Python — Complexity-Based Model Router
from anthropic import Anthropic
from openai import OpenAI
from enum import Enum

class Complexity(Enum):
    SIMPLE = "simple"      # FAQ, classification, extraction
    MODERATE = "moderate"  # Summarization, translation
    COMPLEX = "complex"    # Analysis, reasoning, code generation

# Cost per 1M tokens (input/output) - approximate
MODEL_TIERS = {
    Complexity.SIMPLE: {
        "model": "gpt-4o-mini",
        "cost_per_1m_input": 0.15,
        "cost_per_1m_output": 0.60,
    },
    Complexity.MODERATE: {
        "model": "claude-sonnet-4-20250514",
        "cost_per_1m_input": 3.00,
        "cost_per_1m_output": 15.00,
    },
    Complexity.COMPLEX: {
        "model": "claude-opus-4-20250514",
        "cost_per_1m_input": 15.00,
        "cost_per_1m_output": 75.00,
    },
}

class SmartRouter:
    def __init__(self):
        self.openai = OpenAI()
        self.anthropic = Anthropic()

    def classify_complexity(self, query: str) -> Complexity:
        """Use a cheap model to classify query complexity."""
        response = self.openai.chat.completions.create(
            model="gpt-4o-mini",
            messages=[{
                "role": "system",
                "content": "Classify the complexity: SIMPLE, MODERATE, or COMPLEX. Reply with one word only.",
            }, {
                "role": "user", "content": query,
            }],
            max_tokens=10,
        )
        label = response.choices[0].message.content.strip().upper()
        return Complexity(label.lower()) if label.lower() in [c.value for c in Complexity] else Complexity.MODERATE

    def route(self, query: str) -> str:
        complexity = self.classify_complexity(query)
        tier = MODEL_TIERS[complexity]
        model = tier["model"]
        print(f"Routing to {model} (complexity: {complexity.value})")
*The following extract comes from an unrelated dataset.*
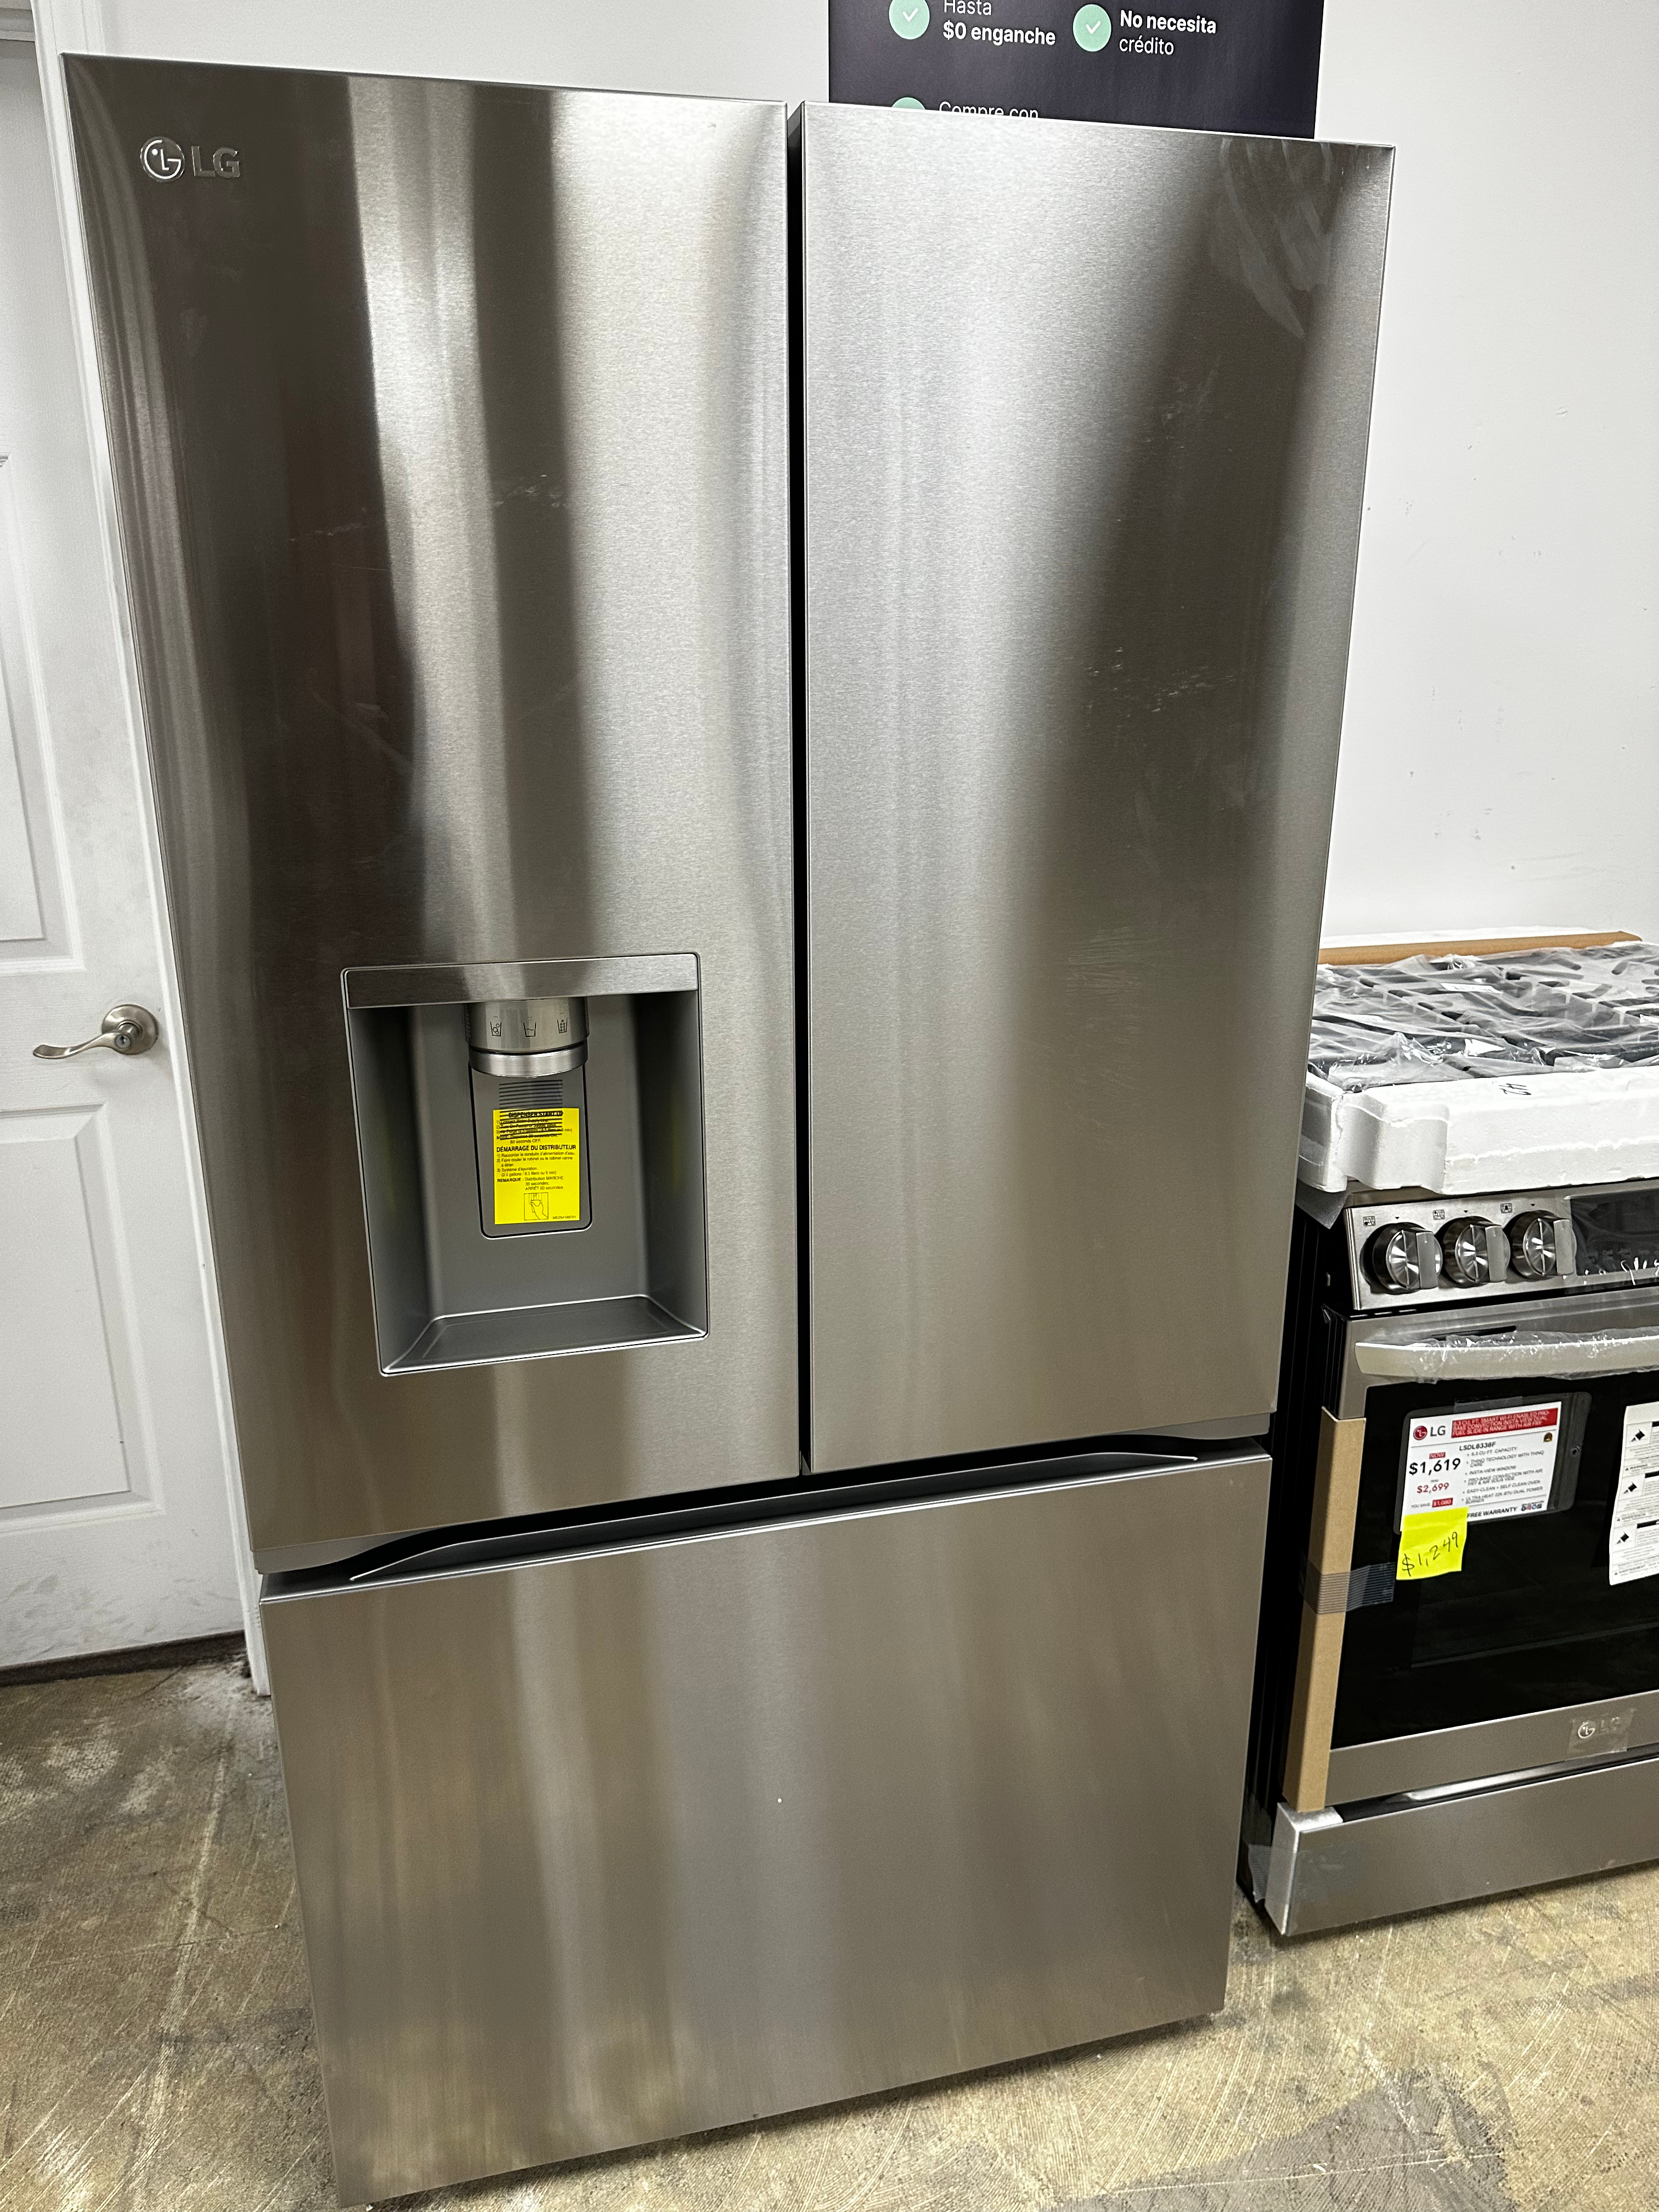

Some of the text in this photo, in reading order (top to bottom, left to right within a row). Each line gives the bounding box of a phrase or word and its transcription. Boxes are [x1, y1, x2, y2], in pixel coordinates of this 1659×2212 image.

        if "claude" in model:
            resp = self.anthropic.messages.create(
                model=model, max_tokens=4096,
                messages=[{"role": "user", "content": query}],
            )
            return resp.content[0].text
        else:
            resp = self.openai.chat.completions.create(
                model=model, max_tokens=4096,
                messages=[{"role": "user", "content": query}],
            )
            return resp.choices[0].message.content

router = SmartRouter()
# Simple query -> gpt-4o-mini (~$0.15/1M tokens)
router.route("What is the capital of France?")
# Complex query -> claude-opus-4 (~$15/1M tokens)
router.route("Analyze the trade-offs between microservices and monolithic architecture for a real-time trading system.")

Latency Budgets in Multi-Model Pipelines

When chaining multiple model calls, each step consumes part of your total latency budget. A typical pipeline might have a 5-second budget:

  • Embedding (50ms): Embed user query for retrieval
  • Vector search (20ms): Find relevant documents
  • Reranking (200ms): Rerank retrieved documents
  • LLM generation (3000ms): Generate the final response
  • Safety check (500ms): Validate output with a classifier
  • Buffer (1230ms): Network overhead, queue wait times
Optimization priority: Focus on the slowest step first. In most pipelines, LLM generation dominates latency. Use streaming to improve perceived latency — users see tokens arriving immediately rather than waiting for the full response.